[Start of section]
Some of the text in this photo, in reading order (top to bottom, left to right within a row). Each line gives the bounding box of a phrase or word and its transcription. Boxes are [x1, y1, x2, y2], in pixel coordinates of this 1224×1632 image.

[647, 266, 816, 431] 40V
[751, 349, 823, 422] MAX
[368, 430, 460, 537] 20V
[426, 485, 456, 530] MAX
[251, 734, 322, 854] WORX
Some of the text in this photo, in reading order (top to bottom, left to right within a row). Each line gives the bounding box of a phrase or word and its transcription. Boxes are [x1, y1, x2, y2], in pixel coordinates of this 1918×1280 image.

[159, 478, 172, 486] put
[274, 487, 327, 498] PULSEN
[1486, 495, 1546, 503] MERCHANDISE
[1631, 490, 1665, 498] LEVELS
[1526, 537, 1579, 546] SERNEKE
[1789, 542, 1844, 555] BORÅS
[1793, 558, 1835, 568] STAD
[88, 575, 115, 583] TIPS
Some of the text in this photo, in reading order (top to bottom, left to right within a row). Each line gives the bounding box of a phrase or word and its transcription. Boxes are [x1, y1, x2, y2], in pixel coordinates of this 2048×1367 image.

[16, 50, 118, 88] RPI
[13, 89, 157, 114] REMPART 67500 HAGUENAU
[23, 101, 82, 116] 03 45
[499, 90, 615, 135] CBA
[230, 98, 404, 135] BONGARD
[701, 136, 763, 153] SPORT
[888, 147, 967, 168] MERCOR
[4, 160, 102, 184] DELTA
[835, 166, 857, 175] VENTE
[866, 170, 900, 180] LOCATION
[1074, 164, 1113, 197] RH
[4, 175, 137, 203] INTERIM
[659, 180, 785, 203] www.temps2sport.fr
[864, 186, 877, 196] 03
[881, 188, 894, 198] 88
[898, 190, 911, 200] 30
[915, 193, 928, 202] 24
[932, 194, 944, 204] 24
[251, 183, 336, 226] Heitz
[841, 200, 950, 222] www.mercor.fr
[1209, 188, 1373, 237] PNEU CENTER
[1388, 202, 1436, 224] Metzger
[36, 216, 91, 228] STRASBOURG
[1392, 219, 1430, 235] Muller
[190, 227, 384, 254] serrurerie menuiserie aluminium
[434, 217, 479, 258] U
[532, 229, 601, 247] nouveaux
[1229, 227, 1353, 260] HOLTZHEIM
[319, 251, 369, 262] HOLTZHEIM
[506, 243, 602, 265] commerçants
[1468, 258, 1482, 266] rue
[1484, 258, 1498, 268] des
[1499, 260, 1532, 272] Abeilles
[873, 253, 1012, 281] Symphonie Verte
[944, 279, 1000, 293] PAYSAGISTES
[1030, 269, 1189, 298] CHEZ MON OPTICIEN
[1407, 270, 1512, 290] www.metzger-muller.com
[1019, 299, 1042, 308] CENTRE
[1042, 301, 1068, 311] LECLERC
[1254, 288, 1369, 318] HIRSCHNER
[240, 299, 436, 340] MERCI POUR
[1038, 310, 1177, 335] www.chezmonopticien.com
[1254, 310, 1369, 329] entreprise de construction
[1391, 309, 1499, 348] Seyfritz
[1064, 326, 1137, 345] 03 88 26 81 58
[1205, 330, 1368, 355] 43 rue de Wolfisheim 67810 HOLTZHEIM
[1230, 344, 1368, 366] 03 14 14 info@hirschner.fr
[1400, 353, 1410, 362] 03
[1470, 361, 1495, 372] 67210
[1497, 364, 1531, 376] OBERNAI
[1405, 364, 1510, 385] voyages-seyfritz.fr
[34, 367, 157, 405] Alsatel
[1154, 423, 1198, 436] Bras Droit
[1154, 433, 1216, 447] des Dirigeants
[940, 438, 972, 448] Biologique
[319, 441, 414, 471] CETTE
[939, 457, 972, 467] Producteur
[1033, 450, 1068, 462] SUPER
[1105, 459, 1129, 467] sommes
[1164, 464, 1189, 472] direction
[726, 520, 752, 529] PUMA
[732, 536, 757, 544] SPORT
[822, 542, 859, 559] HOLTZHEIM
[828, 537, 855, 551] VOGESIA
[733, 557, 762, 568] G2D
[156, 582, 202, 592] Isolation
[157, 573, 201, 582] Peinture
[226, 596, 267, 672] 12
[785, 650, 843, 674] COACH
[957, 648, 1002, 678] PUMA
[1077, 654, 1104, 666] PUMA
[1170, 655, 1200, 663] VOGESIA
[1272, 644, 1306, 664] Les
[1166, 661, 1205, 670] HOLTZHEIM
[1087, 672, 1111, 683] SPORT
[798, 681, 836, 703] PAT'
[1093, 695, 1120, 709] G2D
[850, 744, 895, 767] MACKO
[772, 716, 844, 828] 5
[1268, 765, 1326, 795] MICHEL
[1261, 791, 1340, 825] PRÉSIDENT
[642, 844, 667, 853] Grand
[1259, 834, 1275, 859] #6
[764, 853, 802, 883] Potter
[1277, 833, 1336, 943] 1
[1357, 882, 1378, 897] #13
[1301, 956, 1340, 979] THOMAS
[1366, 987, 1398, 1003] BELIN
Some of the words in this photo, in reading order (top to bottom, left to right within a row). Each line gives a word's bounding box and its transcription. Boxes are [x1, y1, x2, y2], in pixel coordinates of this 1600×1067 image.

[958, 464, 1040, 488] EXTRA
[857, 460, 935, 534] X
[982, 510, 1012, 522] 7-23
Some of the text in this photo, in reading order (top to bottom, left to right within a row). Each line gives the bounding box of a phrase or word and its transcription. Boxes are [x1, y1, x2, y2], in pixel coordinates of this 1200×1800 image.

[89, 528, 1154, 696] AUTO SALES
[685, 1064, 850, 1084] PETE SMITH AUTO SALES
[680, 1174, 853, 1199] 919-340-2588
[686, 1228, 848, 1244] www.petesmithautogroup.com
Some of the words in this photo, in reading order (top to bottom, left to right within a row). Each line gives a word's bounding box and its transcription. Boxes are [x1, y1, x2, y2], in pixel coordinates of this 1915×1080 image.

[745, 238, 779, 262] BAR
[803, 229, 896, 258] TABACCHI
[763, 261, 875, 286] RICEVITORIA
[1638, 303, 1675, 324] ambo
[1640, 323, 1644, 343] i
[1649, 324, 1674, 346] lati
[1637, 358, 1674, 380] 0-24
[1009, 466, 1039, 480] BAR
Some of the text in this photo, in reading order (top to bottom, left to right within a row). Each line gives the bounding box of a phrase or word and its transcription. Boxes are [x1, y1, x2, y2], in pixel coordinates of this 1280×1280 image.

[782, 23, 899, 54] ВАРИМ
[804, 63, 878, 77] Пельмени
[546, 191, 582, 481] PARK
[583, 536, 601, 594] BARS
[End of section]
Nothing in the entries above should differ when you return them in full.

Some of the text in this photo, in reading order (top to bottom, left to right within a row). Each line gives the bounding box of a phrase or word and its transcription. Boxes are [x1, y1, x2, y2], in pixel coordinates of this 1224×1632 image.

[647, 266, 816, 431] 40V
[751, 349, 823, 422] MAX
[368, 430, 460, 537] 20V
[426, 485, 456, 530] MAX
[251, 734, 322, 854] WORX
Some of the text in this photo, in reading order (top to bottom, left to right within a row). Each line gives the bounding box of a phrase or word and its transcription. Boxes are [x1, y1, x2, y2], in pixel coordinates of this 1918×1280 image.

[159, 478, 172, 486] put
[274, 487, 327, 498] PULSEN
[1486, 495, 1546, 503] MERCHANDISE
[1631, 490, 1665, 498] LEVELS
[1526, 537, 1579, 546] SERNEKE
[1789, 542, 1844, 555] BORÅS
[1793, 558, 1835, 568] STAD
[88, 575, 115, 583] TIPS
Some of the text in this photo, in reading order (top to bottom, left to right within a row). Each line gives the bounding box of a phrase or word and its transcription. Boxes are [x1, y1, x2, y2], in pixel coordinates of this 2048×1367 image.

[16, 50, 118, 88] RPI
[13, 89, 157, 114] REMPART 67500 HAGUENAU
[23, 101, 82, 116] 03 45
[499, 90, 615, 135] CBA
[230, 98, 404, 135] BONGARD
[701, 136, 763, 153] SPORT
[888, 147, 967, 168] MERCOR
[4, 160, 102, 184] DELTA
[835, 166, 857, 175] VENTE
[866, 170, 900, 180] LOCATION
[1074, 164, 1113, 197] RH
[4, 175, 137, 203] INTERIM
[659, 180, 785, 203] www.temps2sport.fr
[864, 186, 877, 196] 03
[881, 188, 894, 198] 88
[898, 190, 911, 200] 30
[915, 193, 928, 202] 24
[932, 194, 944, 204] 24
[251, 183, 336, 226] Heitz
[841, 200, 950, 222] www.mercor.fr
[1209, 188, 1373, 237] PNEU CENTER
[1388, 202, 1436, 224] Metzger
[36, 216, 91, 228] STRASBOURG
[1392, 219, 1430, 235] Muller
[190, 227, 384, 254] serrurerie menuiserie aluminium
[434, 217, 479, 258] U
[532, 229, 601, 247] nouveaux
[1229, 227, 1353, 260] HOLTZHEIM
[319, 251, 369, 262] HOLTZHEIM
[506, 243, 602, 265] commerçants
[1468, 258, 1482, 266] rue
[1484, 258, 1498, 268] des
[1499, 260, 1532, 272] Abeilles
[873, 253, 1012, 281] Symphonie Verte
[944, 279, 1000, 293] PAYSAGISTES
[1030, 269, 1189, 298] CHEZ MON OPTICIEN
[1407, 270, 1512, 290] www.metzger-muller.com
[1019, 299, 1042, 308] CENTRE
[1042, 301, 1068, 311] LECLERC
[1254, 288, 1369, 318] HIRSCHNER
[240, 299, 436, 340] MERCI POUR
[1038, 310, 1177, 335] www.chezmonopticien.com
[1254, 310, 1369, 329] entreprise de construction
[1391, 309, 1499, 348] Seyfritz
[1064, 326, 1137, 345] 03 88 26 81 58
[1205, 330, 1368, 355] 43 rue de Wolfisheim 67810 HOLTZHEIM
[1230, 344, 1368, 366] 03 14 14 info@hirschner.fr
[1400, 353, 1410, 362] 03
[1470, 361, 1495, 372] 67210
[1497, 364, 1531, 376] OBERNAI
[1405, 364, 1510, 385] voyages-seyfritz.fr
[34, 367, 157, 405] Alsatel
[1154, 423, 1198, 436] Bras Droit
[1154, 433, 1216, 447] des Dirigeants
[940, 438, 972, 448] Biologique
[319, 441, 414, 471] CETTE
[939, 457, 972, 467] Producteur
[1033, 450, 1068, 462] SUPER
[1105, 459, 1129, 467] sommes
[1164, 464, 1189, 472] direction
[726, 520, 752, 529] PUMA
[732, 536, 757, 544] SPORT
[822, 542, 859, 559] HOLTZHEIM
[828, 537, 855, 551] VOGESIA
[733, 557, 762, 568] G2D
[156, 582, 202, 592] Isolation
[157, 573, 201, 582] Peinture
[226, 596, 267, 672] 12
[785, 650, 843, 674] COACH
[957, 648, 1002, 678] PUMA
[1077, 654, 1104, 666] PUMA
[1170, 655, 1200, 663] VOGESIA
[1272, 644, 1306, 664] Les
[1166, 661, 1205, 670] HOLTZHEIM
[1087, 672, 1111, 683] SPORT
[798, 681, 836, 703] PAT'
[1093, 695, 1120, 709] G2D
[850, 744, 895, 767] MACKO
[772, 716, 844, 828] 5
[1268, 765, 1326, 795] MICHEL
[1261, 791, 1340, 825] PRÉSIDENT
[642, 844, 667, 853] Grand
[1259, 834, 1275, 859] #6
[764, 853, 802, 883] Potter
[1277, 833, 1336, 943] 1
[1357, 882, 1378, 897] #13
[1301, 956, 1340, 979] THOMAS
[1366, 987, 1398, 1003] BELIN
Some of the words in this photo, in reading order (top to bottom, left to right within a row). Each line gives a word's bounding box and its transcription. Boxes are [x1, y1, x2, y2], in pixel coordinates of this 1600×1067 image.

[958, 464, 1040, 488] EXTRA
[857, 460, 935, 534] X
[982, 510, 1012, 522] 7-23
Some of the text in this photo, in reading order (top to bottom, left to right within a row). Each line gives the bounding box of a phrase or word and its transcription. Boxes are [x1, y1, x2, y2], in pixel coordinates of this 1200×1800 image.

[89, 528, 1154, 696] AUTO SALES
[685, 1064, 850, 1084] PETE SMITH AUTO SALES
[680, 1174, 853, 1199] 919-340-2588
[686, 1228, 848, 1244] www.petesmithautogroup.com
Some of the words in this photo, in reading order (top to bottom, left to right within a row). Each line gives a word's bounding box and its transcription. Boxes are [x1, y1, x2, y2], in pixel coordinates of this 1915×1080 image.

[745, 238, 779, 262] BAR
[803, 229, 896, 258] TABACCHI
[763, 261, 875, 286] RICEVITORIA
[1638, 303, 1675, 324] ambo
[1640, 323, 1644, 343] i
[1649, 324, 1674, 346] lati
[1637, 358, 1674, 380] 0-24
[1009, 466, 1039, 480] BAR
Some of the text in this photo, in reading order (top to bottom, left to right within a row). Each line gives the bounding box of a phrase or word and its transcription. Boxes are [x1, y1, x2, y2], in pixel coordinates of this 1280×1280 image.

[782, 23, 899, 54] ВАРИМ
[804, 63, 878, 77] Пельмени
[546, 191, 582, 481] PARK
[583, 536, 601, 594] BARS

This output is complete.